### WHAT TO PRODUCE
Ignoring every picture, transcribe the data in full as it stands.

RECORDS below:

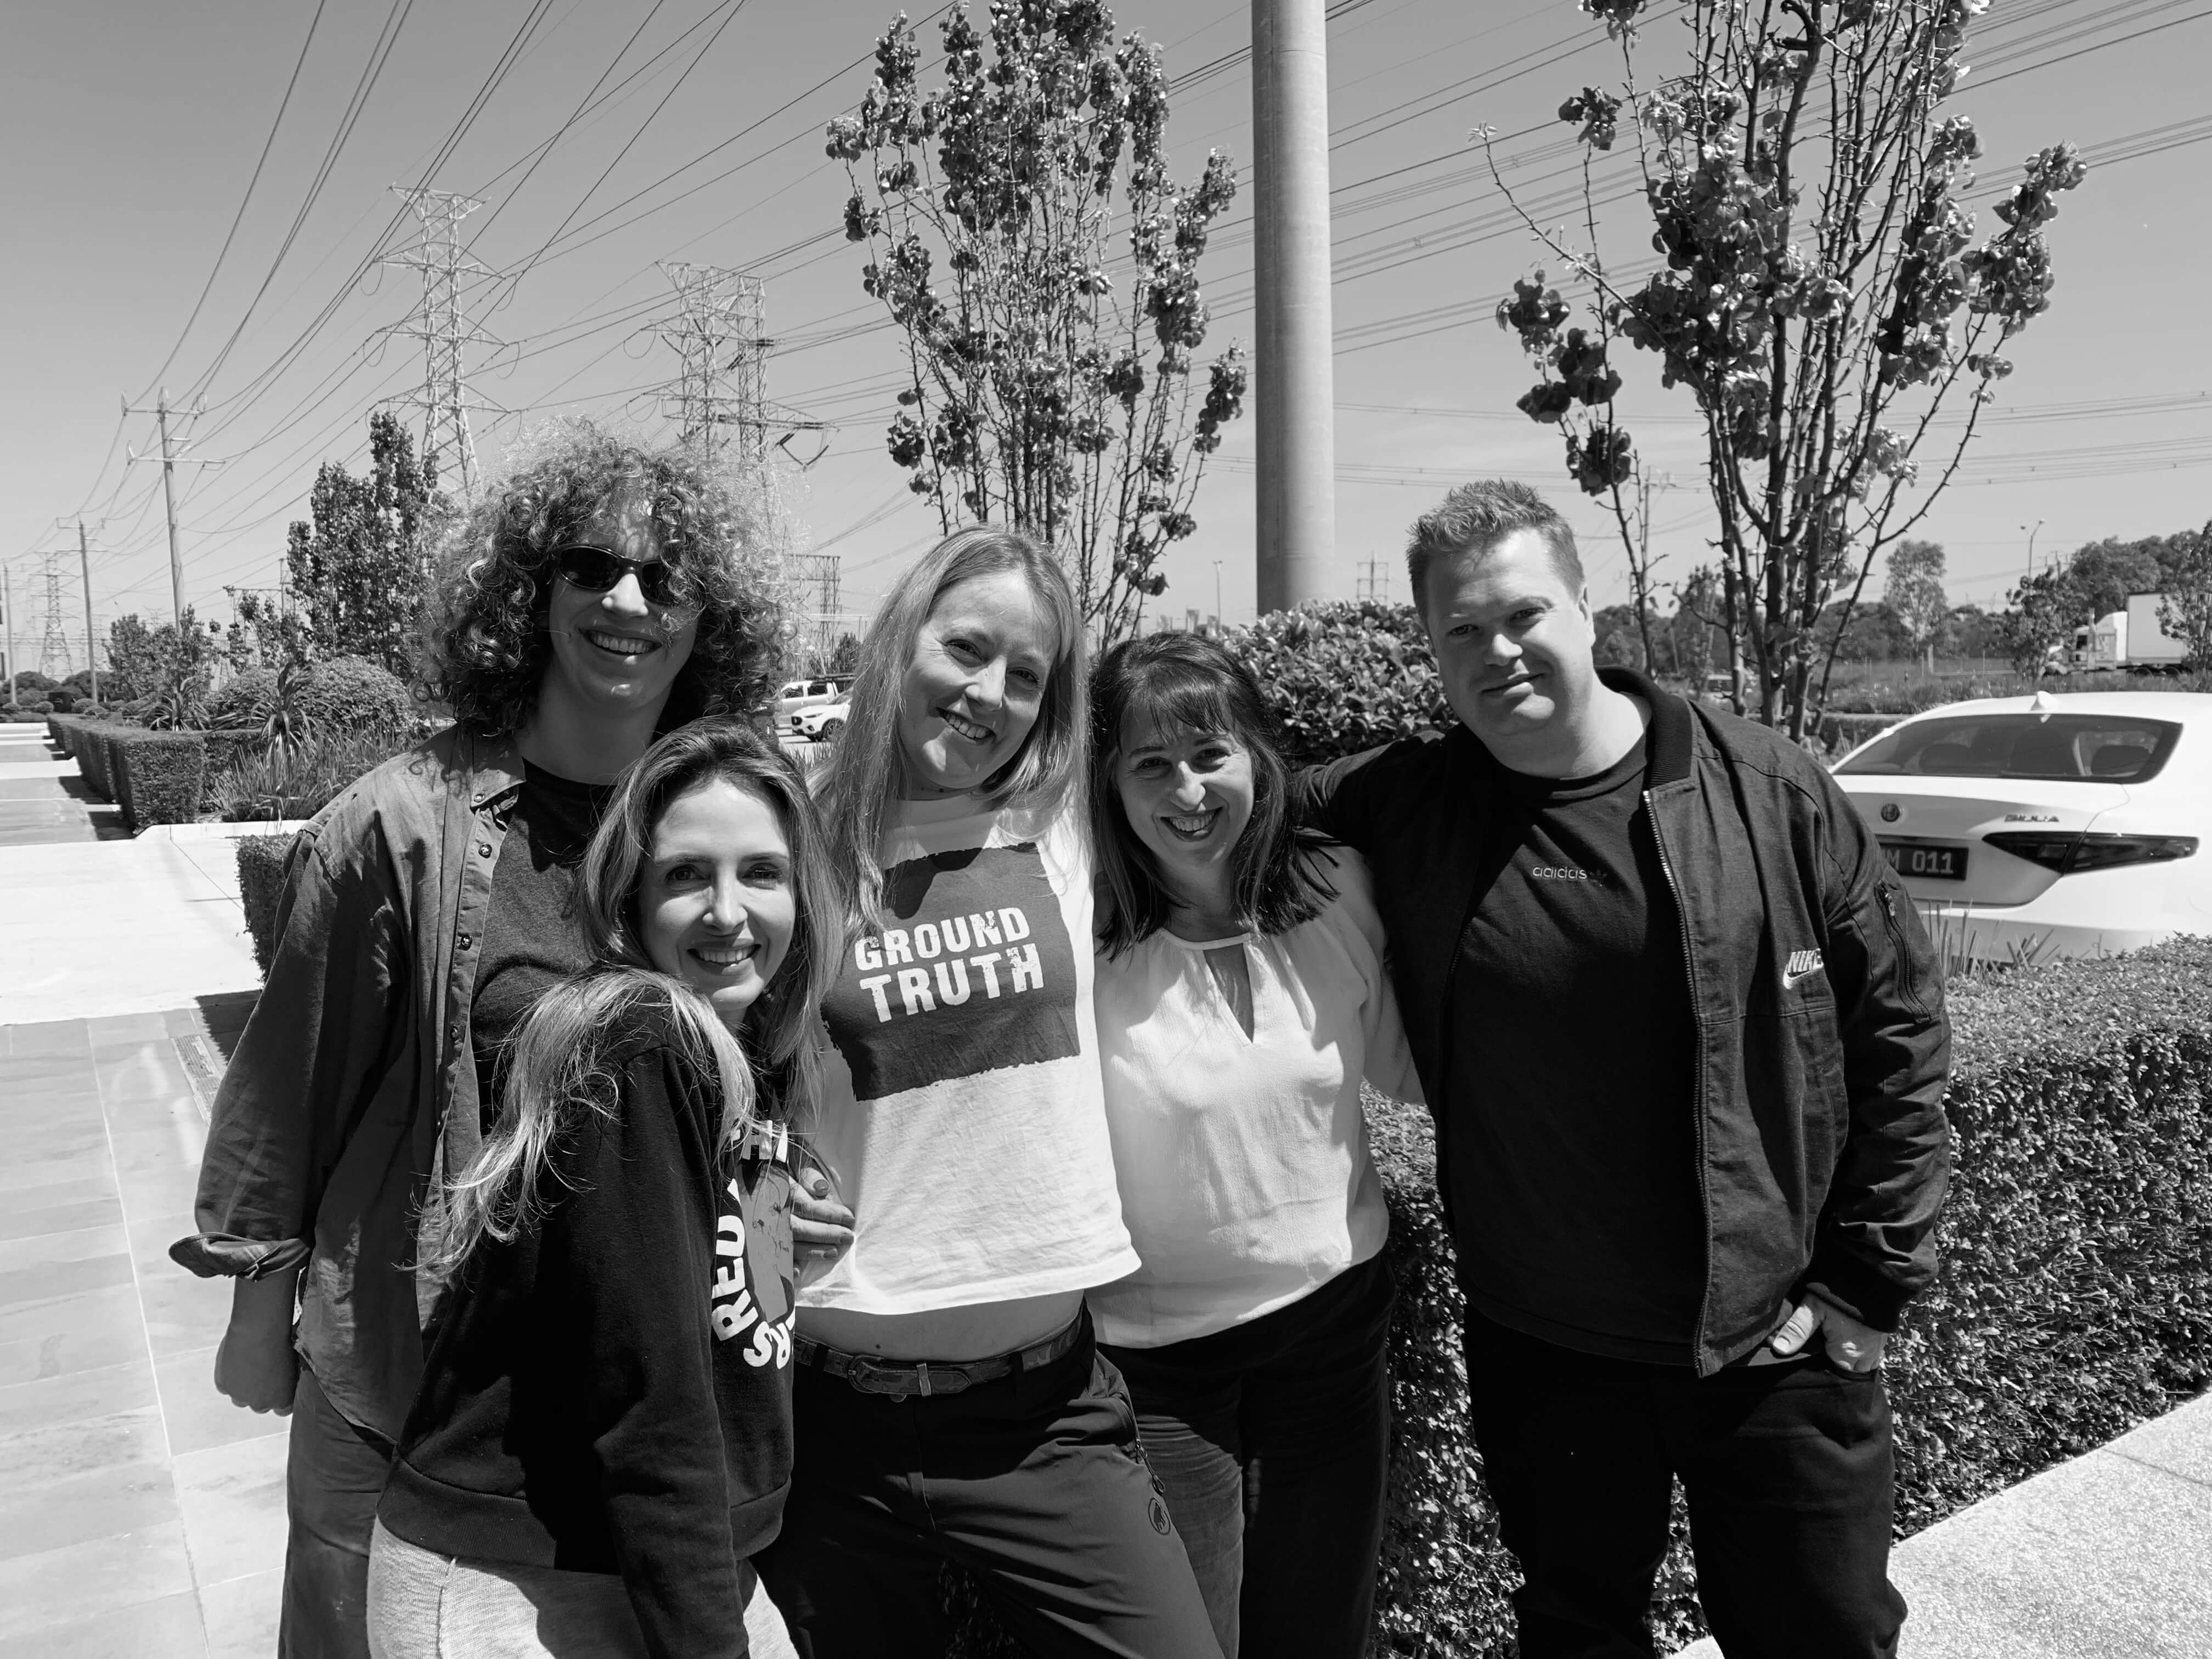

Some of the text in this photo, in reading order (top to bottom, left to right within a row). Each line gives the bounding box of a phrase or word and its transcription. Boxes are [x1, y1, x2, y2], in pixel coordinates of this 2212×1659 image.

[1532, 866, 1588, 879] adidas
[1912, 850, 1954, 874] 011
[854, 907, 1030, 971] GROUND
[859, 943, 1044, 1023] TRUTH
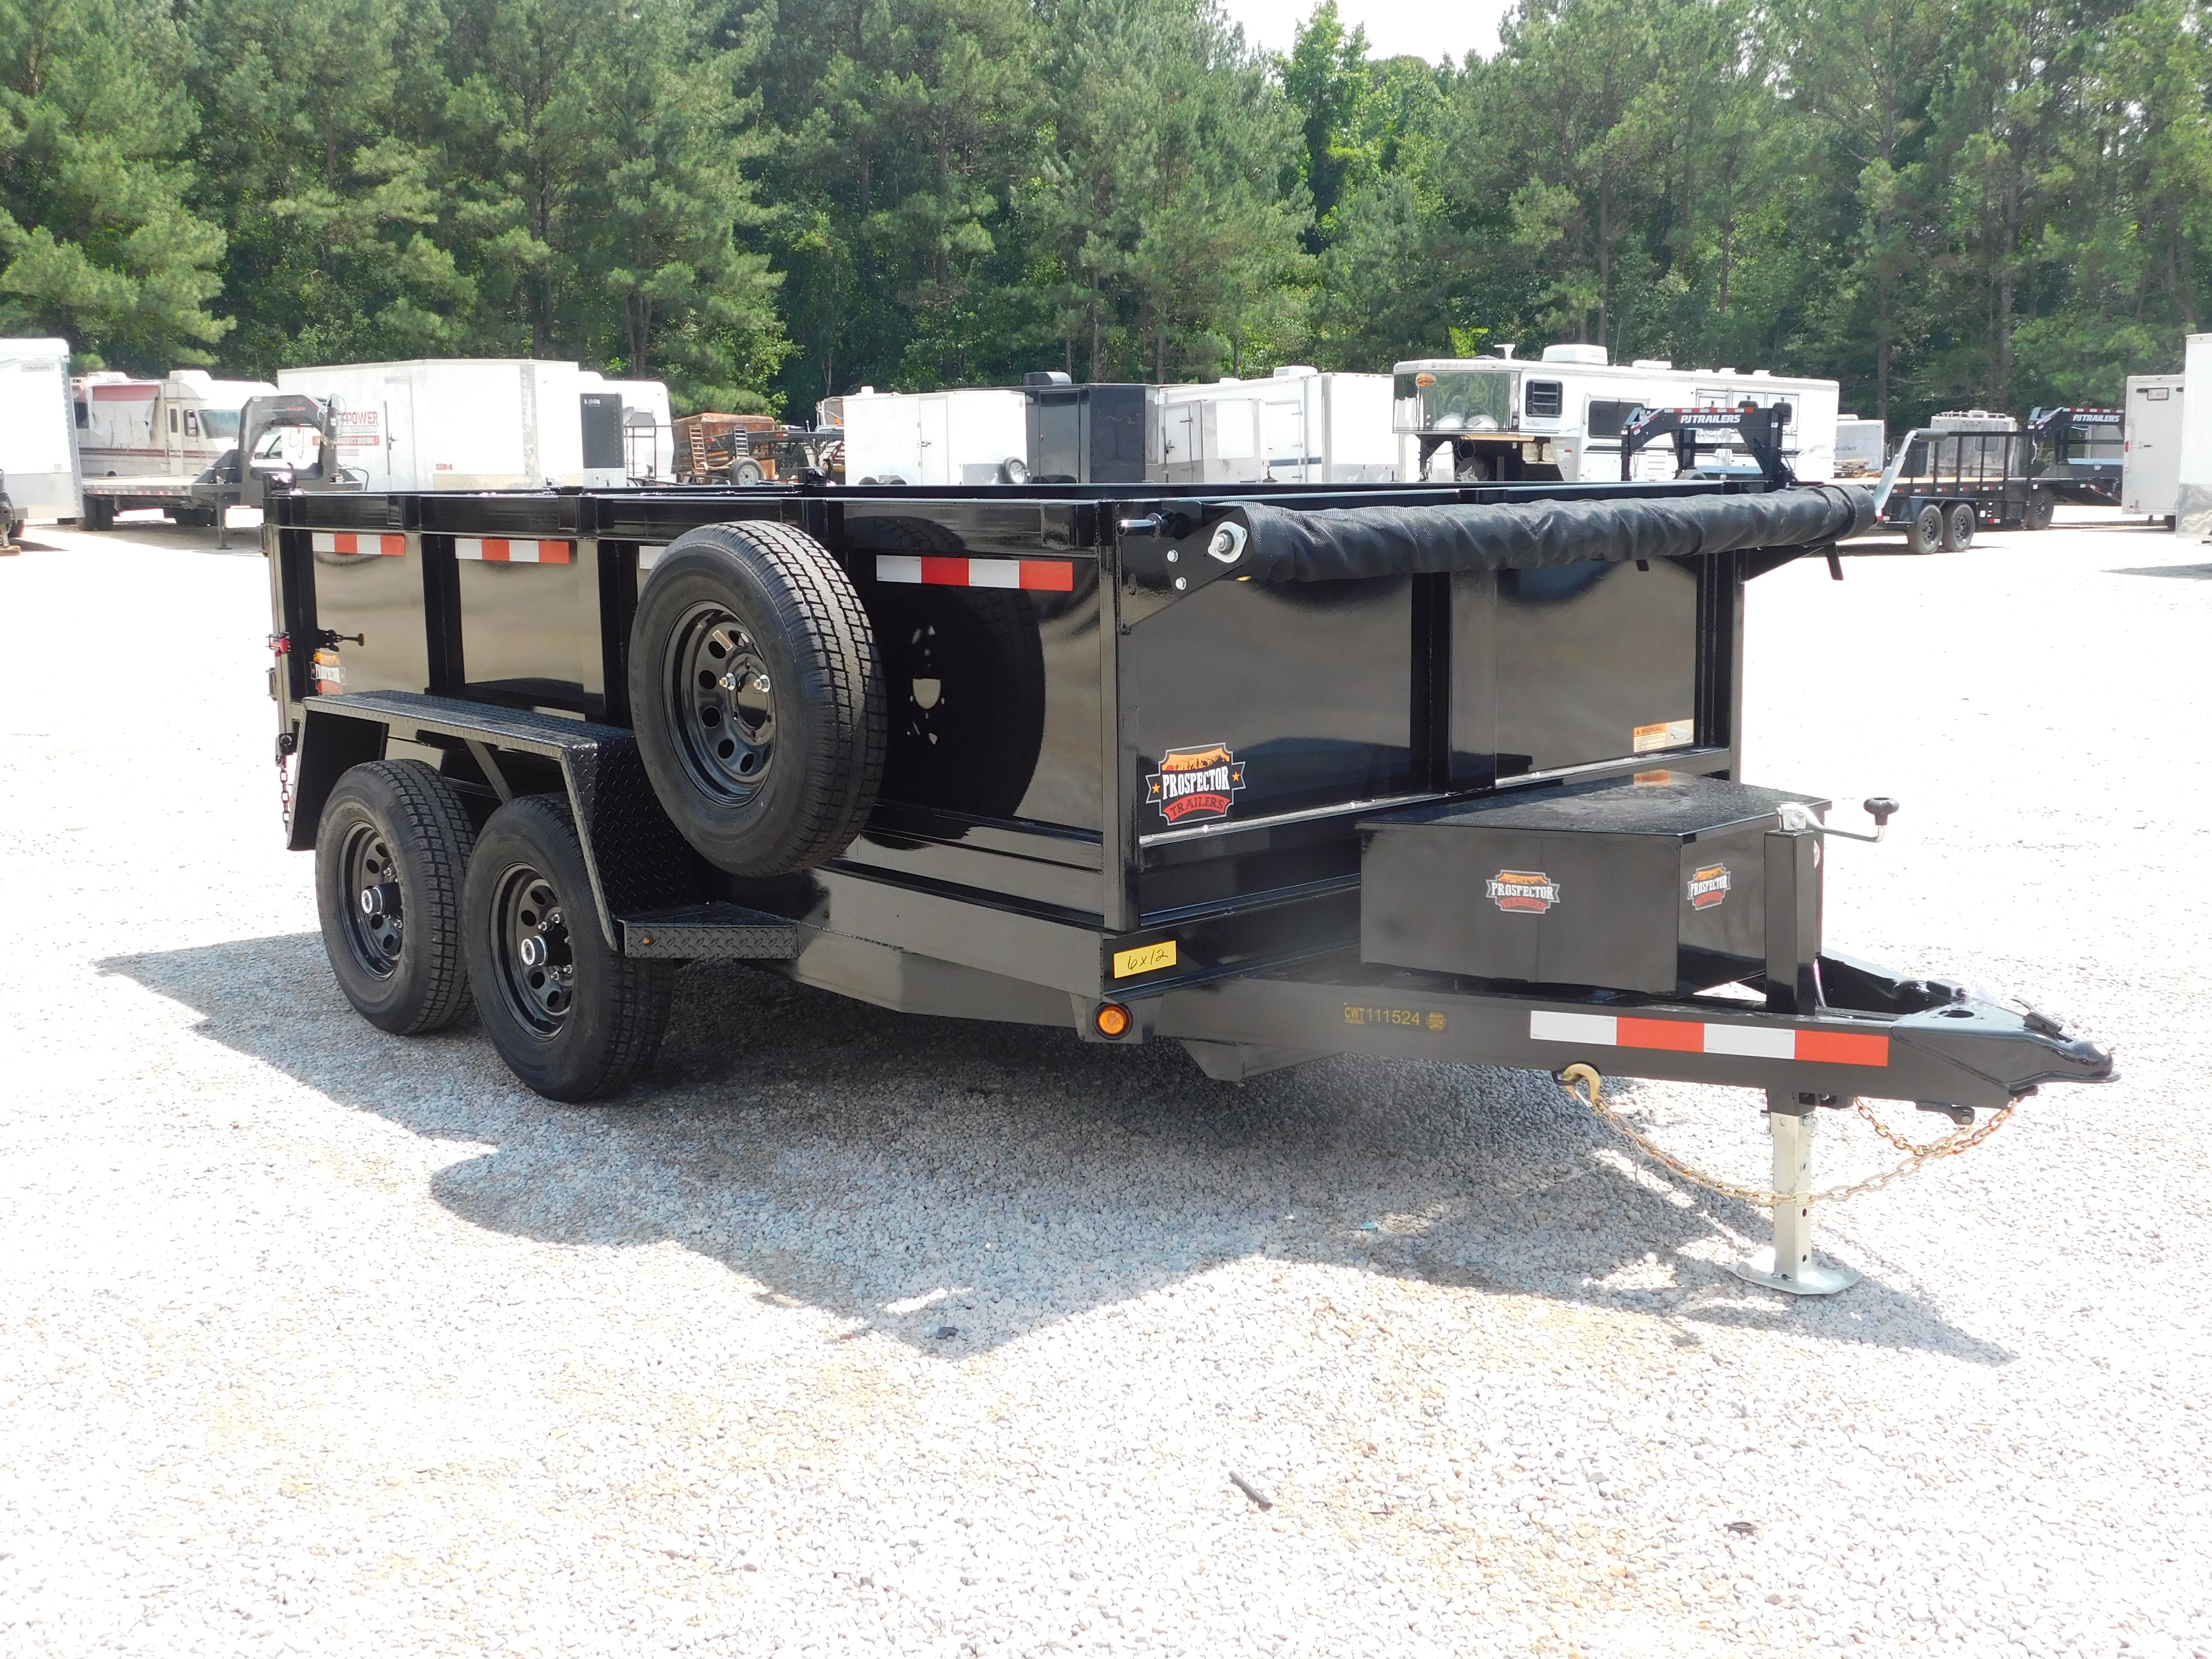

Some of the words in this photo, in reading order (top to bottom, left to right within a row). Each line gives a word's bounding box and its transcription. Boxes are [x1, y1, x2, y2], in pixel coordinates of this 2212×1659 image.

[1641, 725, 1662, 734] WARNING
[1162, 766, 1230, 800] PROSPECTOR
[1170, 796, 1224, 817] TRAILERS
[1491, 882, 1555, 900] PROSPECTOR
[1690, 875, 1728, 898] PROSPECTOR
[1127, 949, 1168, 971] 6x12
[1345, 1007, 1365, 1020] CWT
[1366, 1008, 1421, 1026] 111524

End of RECORDS.

### EXERCISE SOLUTION
Some of the text in this photo, in reading order (top to bottom, left to right within a row). Each line gives the bounding box of a phrase or word and its transcription. Boxes are [x1, y1, x2, y2], in pixel coordinates of this 2212×1659 image.

[1532, 866, 1588, 879] adidas
[1912, 850, 1954, 874] 011
[854, 907, 1030, 971] GROUND
[859, 943, 1044, 1023] TRUTH

Some of the words in this photo, in reading order (top to bottom, left to right within a row). Each line gives a word's bounding box and its transcription. Boxes are [x1, y1, x2, y2], in pixel coordinates of this 2212×1659 image.

[1641, 725, 1662, 734] WARNING
[1162, 766, 1230, 800] PROSPECTOR
[1170, 796, 1224, 817] TRAILERS
[1491, 882, 1555, 900] PROSPECTOR
[1690, 875, 1728, 898] PROSPECTOR
[1127, 949, 1168, 971] 6x12
[1345, 1007, 1365, 1020] CWT
[1366, 1008, 1421, 1026] 111524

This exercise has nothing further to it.